It's up to HR managers to clear the cluttered path to federal jobs.
The civil service got a jolt when the Obama administration declared the federal government must reduce its reliance on private industry to do the important work public employees should do. Hundreds of thousands of jobs are being brought back in house during a time when 40 percent of the workforce is nearing retirement age. In addition, federal jobs are becoming more complex as civil servants tackle policy issues ranging from climate change to financial regulation. New realities require new knowledge and skills.
A year ago, the Office of Personnel Management developed its end-to-end hiring roadmap to funnel more talent into the workforce. But many federal human resources executives lack the experience and, after years of head count reductions and reliance on contractors, the resources to create the unified hiring system mandated in the roadmap. Overwhelmed and understaffed, some HR shops might be tempted to simply automate existing processes. But devising a real solution actually could be easier and much more rewarding. Here are some simple suggestions:
Question the way you recruit and hire. Justify every step in your process. Consider adopting or adapting commercial sector tools and techniques. Government is unique, but there are other complex organizations operating in geographically dispersed, highly regulated environments. Look at these private sector counterparts and borrow processes, practices and procedures liberally.
Base line hiring processes and outcomes. Understanding exactly what is done, why, what works and what doesn't is vital to revamping the system. Next, envision the optimum structure-one that serves both job seekers and hiring managers-and determine the steps to get there. Creating a step-by-step recruiting and hiring process, along with a gap analysis, is crucial to balancing efficiency with effectiveness.
Establish an end-to-end hiring goal to ensure top candidates are not lost to other potential employers. The countdown should begin the day the hiring manager opens the position and end when the new employee settles in to work. Setting an aggressive hiring target forces agencies to reengineer processes rather than automating inefficient ones.
Leverage technology to streamline, link and support each step in the HR process-identifying workforce needs, recruiting, hiring, onboarding and measuring outcomes against objectives. To get the biggest bang for federal dollars, lease technology, don't buy it. Purchasing software as a service provides technology that is up to date, faster to deploy and cheaper to use. Organizations should automate administrative tasks, freeing up HR managers for direct involvement hiring and putting a human face on a bureaucratic process.

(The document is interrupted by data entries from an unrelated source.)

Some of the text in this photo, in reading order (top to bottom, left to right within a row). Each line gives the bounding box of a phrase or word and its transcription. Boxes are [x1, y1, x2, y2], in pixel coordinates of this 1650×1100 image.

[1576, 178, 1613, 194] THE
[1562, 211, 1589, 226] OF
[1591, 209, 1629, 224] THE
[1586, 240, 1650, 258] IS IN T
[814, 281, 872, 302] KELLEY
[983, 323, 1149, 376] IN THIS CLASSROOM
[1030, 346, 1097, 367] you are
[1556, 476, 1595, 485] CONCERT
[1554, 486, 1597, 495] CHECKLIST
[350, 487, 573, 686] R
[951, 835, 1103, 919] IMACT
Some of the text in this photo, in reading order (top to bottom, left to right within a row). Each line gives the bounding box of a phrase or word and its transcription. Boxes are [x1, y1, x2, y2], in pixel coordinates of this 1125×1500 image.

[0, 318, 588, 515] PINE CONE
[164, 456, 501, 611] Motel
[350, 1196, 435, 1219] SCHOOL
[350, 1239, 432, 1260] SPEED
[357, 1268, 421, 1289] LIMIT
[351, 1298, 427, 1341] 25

Figure out how your target audience communicates and adopt similar tactics. For example, with private sector college recruitment slowing, the federal government has a unique opportunity to woo high-caliber graduates. One of the fastest, least expensive ways to tap pools of prime candidates is through Facebook, Twitter, LinkedIn and similar social media networks. Virtual job fairs also are effective, economical and can extend the reach of federal recruitment efforts.

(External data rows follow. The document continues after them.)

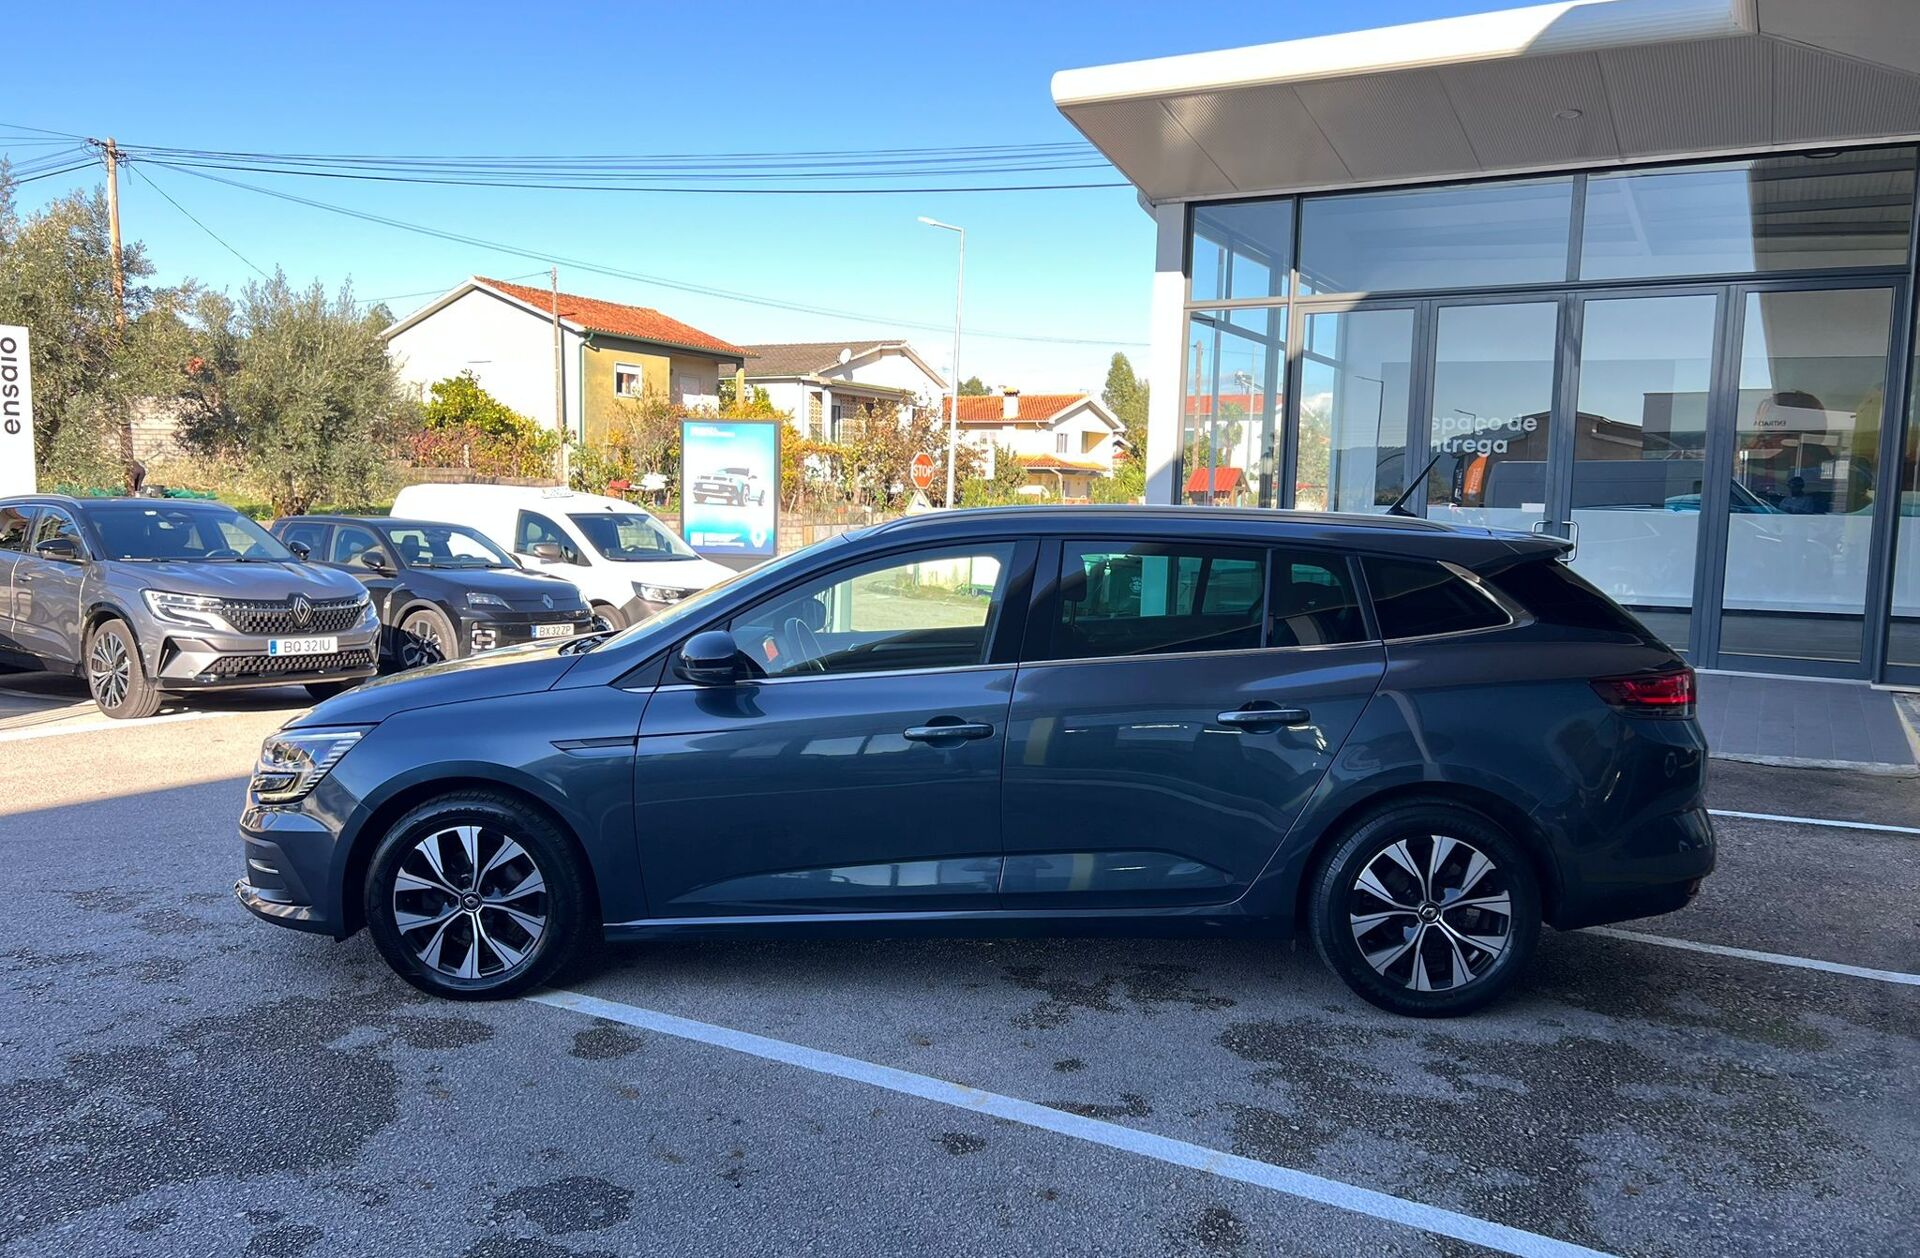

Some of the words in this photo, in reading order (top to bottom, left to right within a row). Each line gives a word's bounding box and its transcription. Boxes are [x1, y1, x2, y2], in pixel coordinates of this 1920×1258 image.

[0, 337, 21, 435] ensaio
[1431, 417, 1503, 436] spaço
[1507, 415, 1538, 432] de
[1430, 438, 1508, 458] ntrega
[913, 464, 933, 477] STOP

Create a customer service culture. Top talent is a rare commodity. Applicants have little patience for a cumbersome, uncommunicative hiring process. HR managers should play an active role in the interview process, where their experience asking the right questions can help hiring managers make sound choices.
Let applicants know where they are in the process. Stay in touch to avoid losing them to competitors.
Institutionalize performance metrics and communicate what's working. HR organizations should track common denominators and linkages between performance and hiring practices. Is one recruiting source consistently yielding high-caliber employees? Do top performers share specific prior employment experience?
Gathering data like this and feeding it back into the organization is a way to continually refine hiring processes.
Good HR management is about making intelligent trade-offs between quality and timeliness, people and automation, control and flexibility. Never has there been a more opportune time to replenish and renew the federal workforce. HR leaders have both the mandate and the momentum, and stand to pay a steep price for inaction. If they don't fix the hiring process, agencies will lobby Congress for, and likely get, more direct hiring authority, making the process even more complex.
Glenn Davidson heads the public sector practice for EquaTerra, a consultant to public and private sector organizations seeking to transform their business support functions, including human resources.